## Data shown
□ □ □ □
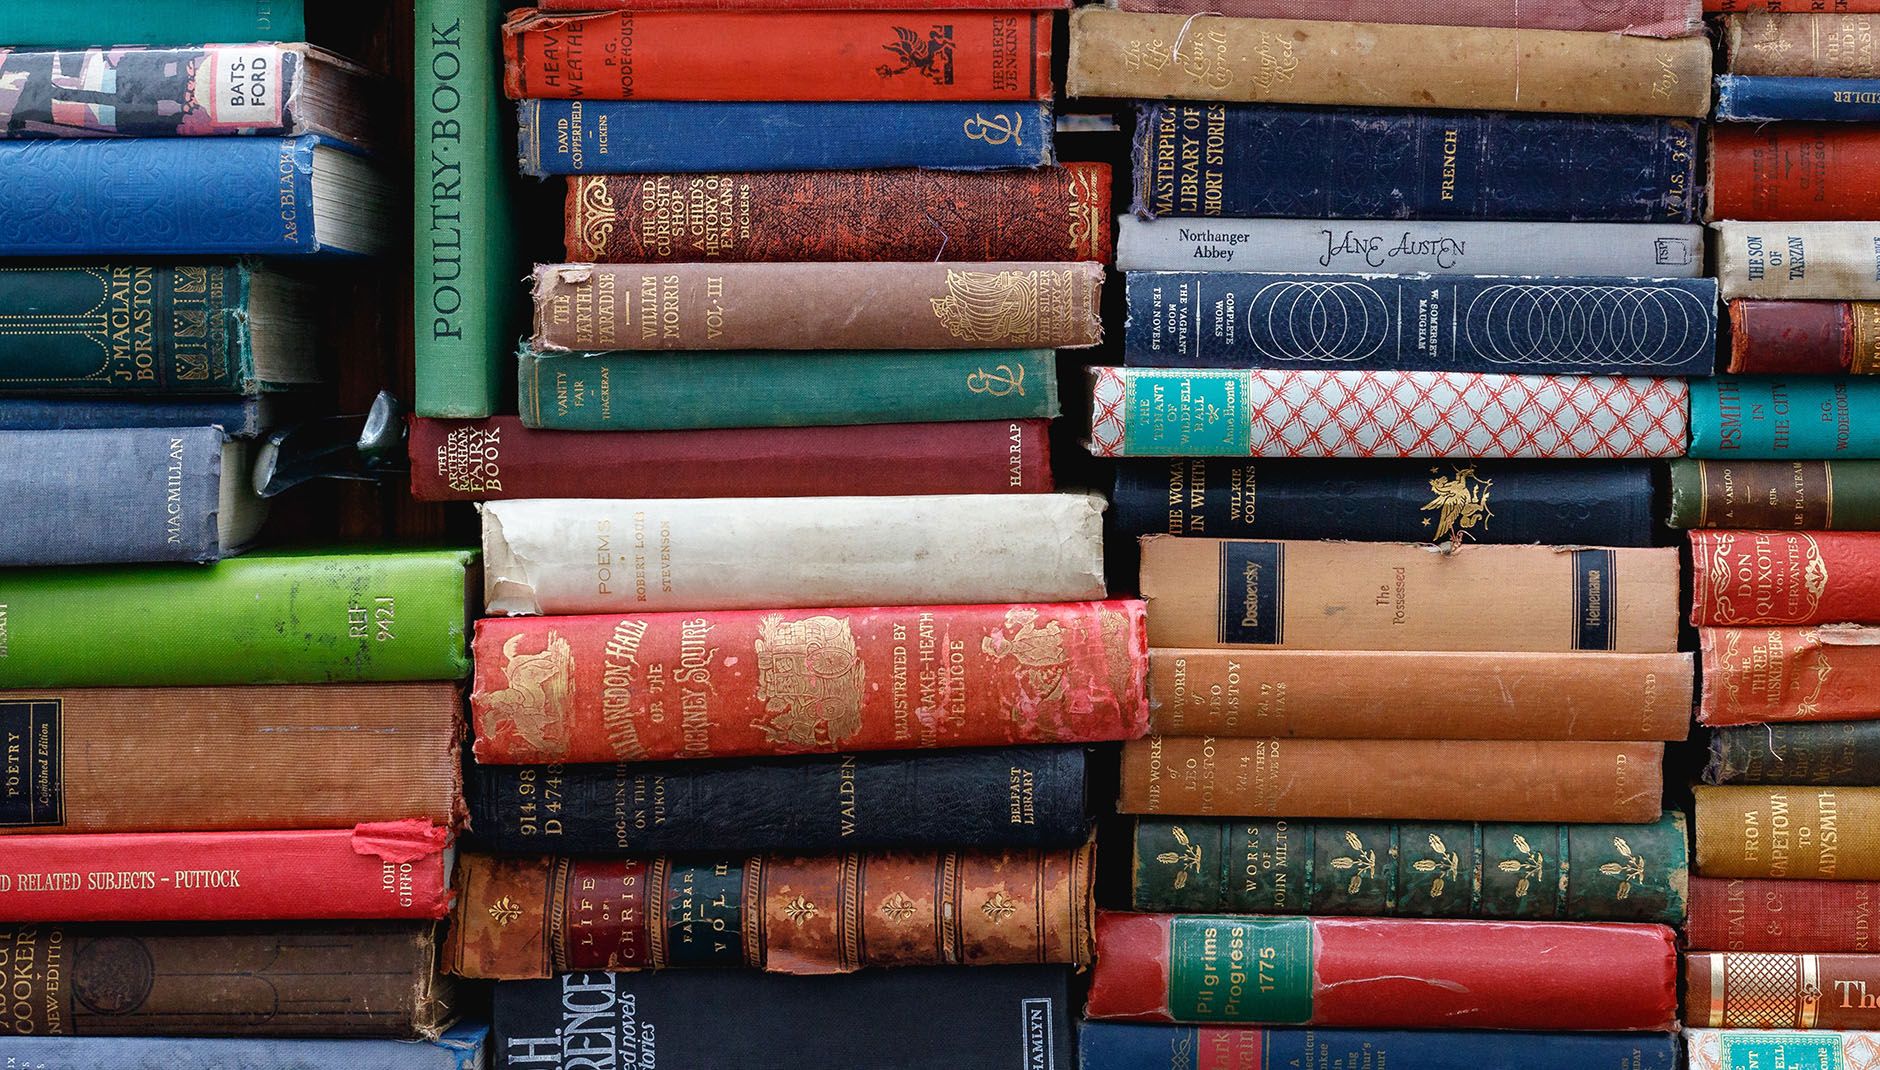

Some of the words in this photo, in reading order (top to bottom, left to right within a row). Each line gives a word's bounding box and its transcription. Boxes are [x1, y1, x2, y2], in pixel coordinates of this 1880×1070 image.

[566, 21, 584, 98] WEATHE
[620, 10, 635, 98] WODEHOUSE
[992, 16, 1004, 91] HERBERT
[1005, 16, 1018, 92] JENKINS
[1142, 37, 1164, 78] Life
[230, 57, 246, 107] BATS-
[250, 57, 267, 107] FORD
[558, 118, 569, 154] DAVID
[572, 100, 583, 170] COPPERFIELD
[599, 114, 609, 155] DICKENS
[1182, 105, 1201, 131] OF
[1206, 103, 1226, 167] STORIES
[1180, 137, 1200, 213] LIBRARY
[1441, 129, 1459, 202] FRENCH
[642, 180, 656, 212] OLD
[672, 190, 684, 237] SHOP
[721, 177, 734, 250] ENGLAND
[741, 183, 750, 240] DICKENS
[1204, 171, 1224, 217] SHORT
[642, 216, 656, 247] THE
[692, 239, 704, 252] A
[706, 196, 719, 256] HISTORY
[1179, 228, 1250, 247] Northanger
[1747, 236, 1764, 261] SON
[1193, 244, 1235, 263] Abbey
[1748, 261, 1765, 282] THE
[1769, 250, 1783, 267] OF
[1787, 235, 1807, 281] TARZAN
[554, 294, 570, 325] THE
[599, 272, 616, 344] PARADISE
[641, 274, 657, 340] WILLIAM
[663, 274, 679, 339] MORRIS
[706, 276, 723, 298] III
[1039, 269, 1050, 313] SILVER
[1152, 286, 1162, 308] TEN
[1179, 283, 1189, 299] THE
[135, 266, 154, 381] BORASTON
[1151, 309, 1162, 352] NOVELS
[1168, 303, 1177, 334] MOOD
[1177, 299, 1188, 355] VAGRANT
[1214, 300, 1224, 338] WORKS
[1225, 292, 1235, 346] COMPLETE
[1417, 299, 1428, 351] MAUGHAM
[1429, 303, 1440, 359] SOMERSET
[558, 371, 568, 418] VANITY
[574, 379, 585, 408] FAIR
[601, 364, 611, 421] THACKERAY
[1139, 397, 1151, 426] THE
[1152, 383, 1165, 441] TENANT
[1167, 403, 1178, 422] OF
[1194, 395, 1206, 432] HALL
[1718, 380, 1742, 451] PSMITH
[1751, 402, 1765, 422] IN
[1009, 422, 1022, 488] HARRAP
[1222, 418, 1236, 444] Anne
[1773, 419, 1790, 452] THE
[437, 444, 448, 476] THE
[448, 430, 460, 492] ARTHUR
[458, 426, 470, 493] RACKHAM
[469, 426, 485, 493] FAIRY
[486, 426, 502, 492] BOOK
[168, 438, 185, 544] MACMILLAN
[1230, 467, 1243, 521] WILKIE
[1244, 464, 1257, 525] COLLINS
[1725, 468, 1734, 506] VANLOO
[1769, 487, 1778, 507] SUR
[1168, 509, 1184, 536] THE
[1190, 515, 1205, 533] IN
[597, 518, 612, 596] POEMS
[635, 555, 647, 602] ROBERT
[660, 520, 673, 593] STEVENSON
[1738, 553, 1753, 599] DON
[1755, 534, 1775, 617] QUIXOTE
[1787, 536, 1799, 616] CERVANTES
[1240, 560, 1263, 628] Dostoevsky
[1375, 584, 1390, 606] The
[1391, 566, 1406, 625] Possessed
[1584, 568, 1601, 629] Heinemann
[349, 602, 368, 638] REF
[604, 618, 650, 668] HALL
[894, 622, 906, 641] BY
[648, 663, 665, 695] THE
[673, 617, 718, 696] SQUIRE
[1742, 656, 1751, 683] THE
[1752, 644, 1768, 695] THREE
[894, 645, 911, 740] ILLUSTRATED
[1172, 658, 1187, 708] WORKS
[1190, 692, 1206, 706] of
[1209, 683, 1223, 715] LEO
[649, 701, 665, 724] OR
[8, 731, 20, 798] POETRY
[38, 722, 50, 763] Edition
[841, 755, 856, 837] WALDEN
[1011, 766, 1021, 824] BELFAST
[1023, 768, 1034, 825] LIBRARY
[1166, 766, 1181, 780] of
[1184, 757, 1198, 791] LEO
[519, 769, 537, 836] 914.98
[634, 810, 646, 829] ON
[655, 775, 666, 825] YUKON
[545, 819, 562, 836] D
[1744, 810, 1760, 863] FROM
[1799, 826, 1812, 848] TO
[17, 873, 81, 892] RELATED
[88, 871, 155, 890] SUBJECTS
[174, 869, 241, 889] PUTTOCK
[1246, 826, 1260, 892] WORKS
[1262, 851, 1272, 869] OF
[581, 877, 595, 946] LIFE
[1273, 870, 1287, 908] JOHN
[1224, 926, 1245, 1017] Progress
[1259, 946, 1276, 994] 1775
[618, 991, 637, 1045] novels
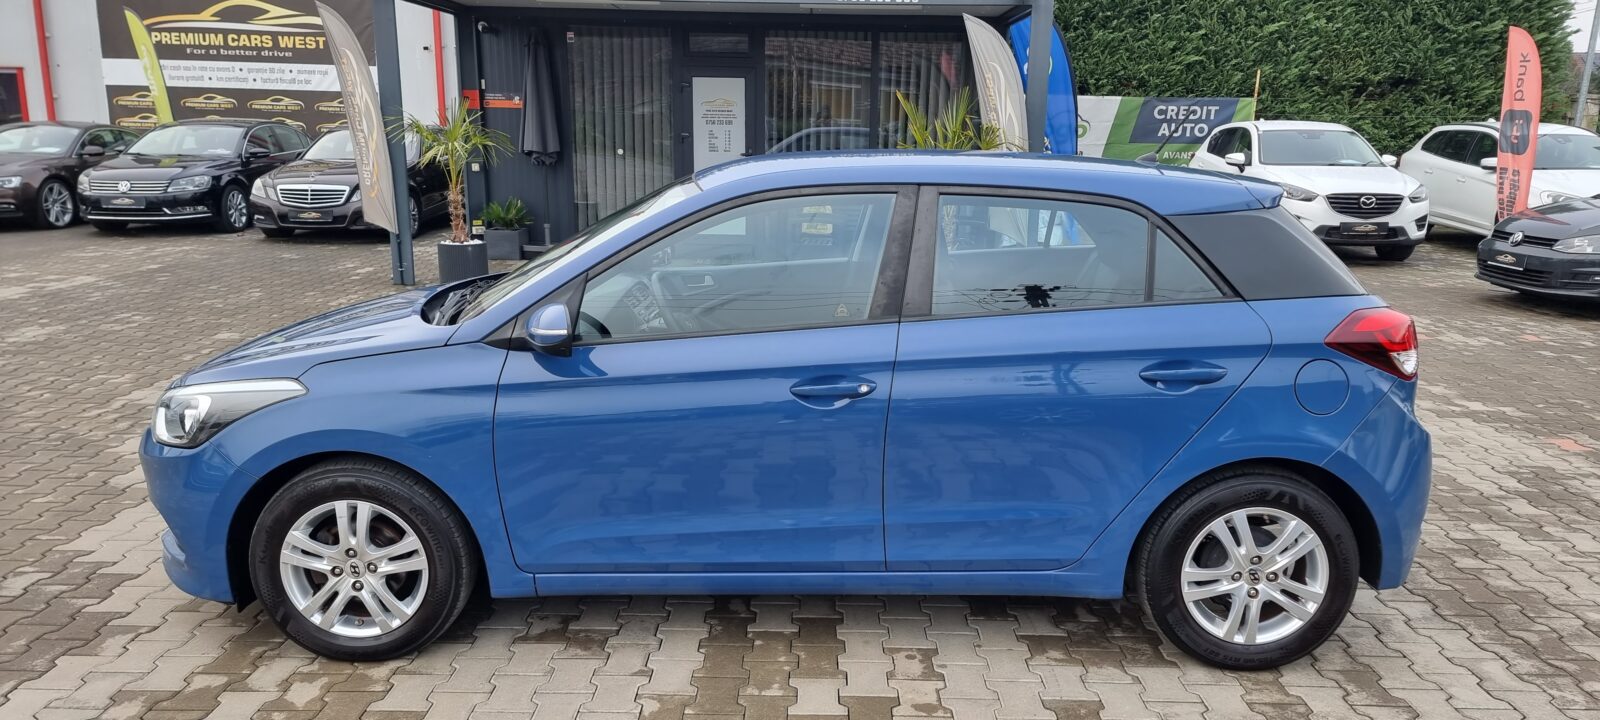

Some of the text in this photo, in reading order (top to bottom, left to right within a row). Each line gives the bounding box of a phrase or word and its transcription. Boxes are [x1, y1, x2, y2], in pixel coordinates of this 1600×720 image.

[150, 31, 326, 50] PREMIUM CARS WEST
[186, 47, 207, 55] For
[220, 48, 257, 56] better
[261, 49, 293, 57] drive
[1513, 52, 1531, 101] bank
[1153, 105, 1220, 120] CREDIT
[1157, 122, 1209, 138] AUTO
□ □ □ □
## How to complete this task
Extract every line containing the string "pixel" from the material.

## Answer box
Some of the words in this photo, in reading order (top to bottom, left to right within a row). Each line gives a word's bounding box and its transcription. Boxes are [x1, y1, x2, y2], in pixel coordinates of this 1880×1070 image.
Some of the text in this photo, in reading order (top to bottom, left to right within a row). Each line gives the bounding box of a phrase or word and its transcription. Boxes are [x1, y1, x2, y2], in pixel coordinates of this 1600×720 image.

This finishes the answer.